What this task involves — Could you set down every entry exactly as it appears?

Data for this exercise —
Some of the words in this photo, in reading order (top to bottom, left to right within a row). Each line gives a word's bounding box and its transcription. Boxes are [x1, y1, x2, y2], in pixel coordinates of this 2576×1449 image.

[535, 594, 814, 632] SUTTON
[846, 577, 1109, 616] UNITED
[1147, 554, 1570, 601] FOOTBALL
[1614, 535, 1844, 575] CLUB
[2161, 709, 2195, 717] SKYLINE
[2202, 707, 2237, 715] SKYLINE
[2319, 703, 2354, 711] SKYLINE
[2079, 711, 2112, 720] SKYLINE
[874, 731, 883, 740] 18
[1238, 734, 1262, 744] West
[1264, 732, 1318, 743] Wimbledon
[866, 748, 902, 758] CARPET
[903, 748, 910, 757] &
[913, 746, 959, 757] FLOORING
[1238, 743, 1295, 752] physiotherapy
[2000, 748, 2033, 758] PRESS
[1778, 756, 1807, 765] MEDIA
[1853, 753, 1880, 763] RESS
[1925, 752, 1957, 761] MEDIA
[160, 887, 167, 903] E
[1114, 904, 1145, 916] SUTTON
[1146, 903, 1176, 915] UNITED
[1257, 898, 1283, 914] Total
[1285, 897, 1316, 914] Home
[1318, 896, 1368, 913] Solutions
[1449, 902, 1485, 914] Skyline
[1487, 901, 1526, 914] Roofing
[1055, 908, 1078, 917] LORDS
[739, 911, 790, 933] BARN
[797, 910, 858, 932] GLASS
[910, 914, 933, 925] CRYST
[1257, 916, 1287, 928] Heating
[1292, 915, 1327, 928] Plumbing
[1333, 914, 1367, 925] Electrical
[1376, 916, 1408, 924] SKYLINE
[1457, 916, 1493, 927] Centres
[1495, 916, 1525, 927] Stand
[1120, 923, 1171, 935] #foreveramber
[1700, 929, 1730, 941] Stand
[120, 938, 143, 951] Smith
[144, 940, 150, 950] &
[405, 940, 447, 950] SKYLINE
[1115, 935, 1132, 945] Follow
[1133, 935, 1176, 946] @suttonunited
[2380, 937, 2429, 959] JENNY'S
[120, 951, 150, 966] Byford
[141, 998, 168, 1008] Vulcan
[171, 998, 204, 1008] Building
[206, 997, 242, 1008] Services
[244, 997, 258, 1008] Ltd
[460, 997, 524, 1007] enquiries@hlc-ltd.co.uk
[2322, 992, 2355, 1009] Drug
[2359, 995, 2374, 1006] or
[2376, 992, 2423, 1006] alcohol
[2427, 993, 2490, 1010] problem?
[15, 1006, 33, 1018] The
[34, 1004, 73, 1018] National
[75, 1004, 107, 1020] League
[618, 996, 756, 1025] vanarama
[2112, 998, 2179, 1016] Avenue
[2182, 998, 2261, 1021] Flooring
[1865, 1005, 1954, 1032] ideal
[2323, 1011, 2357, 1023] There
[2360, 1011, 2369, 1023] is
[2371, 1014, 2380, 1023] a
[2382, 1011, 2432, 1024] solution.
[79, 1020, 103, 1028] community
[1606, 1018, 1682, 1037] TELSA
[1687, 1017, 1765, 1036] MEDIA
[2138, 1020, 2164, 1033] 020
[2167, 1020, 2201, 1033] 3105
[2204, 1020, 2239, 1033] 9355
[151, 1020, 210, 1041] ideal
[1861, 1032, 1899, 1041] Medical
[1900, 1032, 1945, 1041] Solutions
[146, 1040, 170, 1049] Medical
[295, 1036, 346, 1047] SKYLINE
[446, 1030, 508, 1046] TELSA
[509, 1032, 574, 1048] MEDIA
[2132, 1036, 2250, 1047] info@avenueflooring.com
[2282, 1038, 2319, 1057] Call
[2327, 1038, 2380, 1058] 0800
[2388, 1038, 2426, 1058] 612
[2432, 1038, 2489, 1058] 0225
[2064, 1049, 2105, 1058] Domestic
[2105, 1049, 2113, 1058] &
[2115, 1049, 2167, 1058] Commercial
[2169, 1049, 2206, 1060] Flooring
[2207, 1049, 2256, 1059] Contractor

Answer space —
Some of the words in this photo, in reading order (top to bottom, left to right within a row). Each line gives a word's bounding box and its transcription. Boxes are [x1, y1, x2, y2], in pixel coordinates of this 2576×1449 image.

[535, 594, 814, 632] SUTTON
[846, 577, 1109, 616] UNITED
[1147, 554, 1570, 601] FOOTBALL
[1614, 535, 1844, 575] CLUB
[2161, 709, 2195, 717] SKYLINE
[2202, 707, 2237, 715] SKYLINE
[2319, 703, 2354, 711] SKYLINE
[2079, 711, 2112, 720] SKYLINE
[874, 731, 883, 740] 18
[1238, 734, 1262, 744] West
[1264, 732, 1318, 743] Wimbledon
[866, 748, 902, 758] CARPET
[903, 748, 910, 757] &
[913, 746, 959, 757] FLOORING
[1238, 743, 1295, 752] physiotherapy
[2000, 748, 2033, 758] PRESS
[1778, 756, 1807, 765] MEDIA
[1853, 753, 1880, 763] RESS
[1925, 752, 1957, 761] MEDIA
[160, 887, 167, 903] E
[1114, 904, 1145, 916] SUTTON
[1146, 903, 1176, 915] UNITED
[1257, 898, 1283, 914] Total
[1285, 897, 1316, 914] Home
[1318, 896, 1368, 913] Solutions
[1449, 902, 1485, 914] Skyline
[1487, 901, 1526, 914] Roofing
[1055, 908, 1078, 917] LORDS
[739, 911, 790, 933] BARN
[797, 910, 858, 932] GLASS
[910, 914, 933, 925] CRYST
[1257, 916, 1287, 928] Heating
[1292, 915, 1327, 928] Plumbing
[1333, 914, 1367, 925] Electrical
[1376, 916, 1408, 924] SKYLINE
[1457, 916, 1493, 927] Centres
[1495, 916, 1525, 927] Stand
[1120, 923, 1171, 935] #foreveramber
[1700, 929, 1730, 941] Stand
[120, 938, 143, 951] Smith
[144, 940, 150, 950] &
[405, 940, 447, 950] SKYLINE
[1115, 935, 1132, 945] Follow
[1133, 935, 1176, 946] @suttonunited
[2380, 937, 2429, 959] JENNY'S
[120, 951, 150, 966] Byford
[141, 998, 168, 1008] Vulcan
[171, 998, 204, 1008] Building
[206, 997, 242, 1008] Services
[244, 997, 258, 1008] Ltd
[460, 997, 524, 1007] enquiries@hlc-ltd.co.uk
[2322, 992, 2355, 1009] Drug
[2359, 995, 2374, 1006] or
[2376, 992, 2423, 1006] alcohol
[2427, 993, 2490, 1010] problem?
[15, 1006, 33, 1018] The
[34, 1004, 73, 1018] National
[75, 1004, 107, 1020] League
[618, 996, 756, 1025] vanarama
[2112, 998, 2179, 1016] Avenue
[2182, 998, 2261, 1021] Flooring
[1865, 1005, 1954, 1032] ideal
[2323, 1011, 2357, 1023] There
[2360, 1011, 2369, 1023] is
[2371, 1014, 2380, 1023] a
[2382, 1011, 2432, 1024] solution.
[79, 1020, 103, 1028] community
[1606, 1018, 1682, 1037] TELSA
[1687, 1017, 1765, 1036] MEDIA
[2138, 1020, 2164, 1033] 020
[2167, 1020, 2201, 1033] 3105
[2204, 1020, 2239, 1033] 9355
[151, 1020, 210, 1041] ideal
[1861, 1032, 1899, 1041] Medical
[1900, 1032, 1945, 1041] Solutions
[146, 1040, 170, 1049] Medical
[295, 1036, 346, 1047] SKYLINE
[446, 1030, 508, 1046] TELSA
[509, 1032, 574, 1048] MEDIA
[2132, 1036, 2250, 1047] info@avenueflooring.com
[2282, 1038, 2319, 1057] Call
[2327, 1038, 2380, 1058] 0800
[2388, 1038, 2426, 1058] 612
[2432, 1038, 2489, 1058] 0225
[2064, 1049, 2105, 1058] Domestic
[2105, 1049, 2113, 1058] &
[2115, 1049, 2167, 1058] Commercial
[2169, 1049, 2206, 1060] Flooring
[2207, 1049, 2256, 1059] Contractor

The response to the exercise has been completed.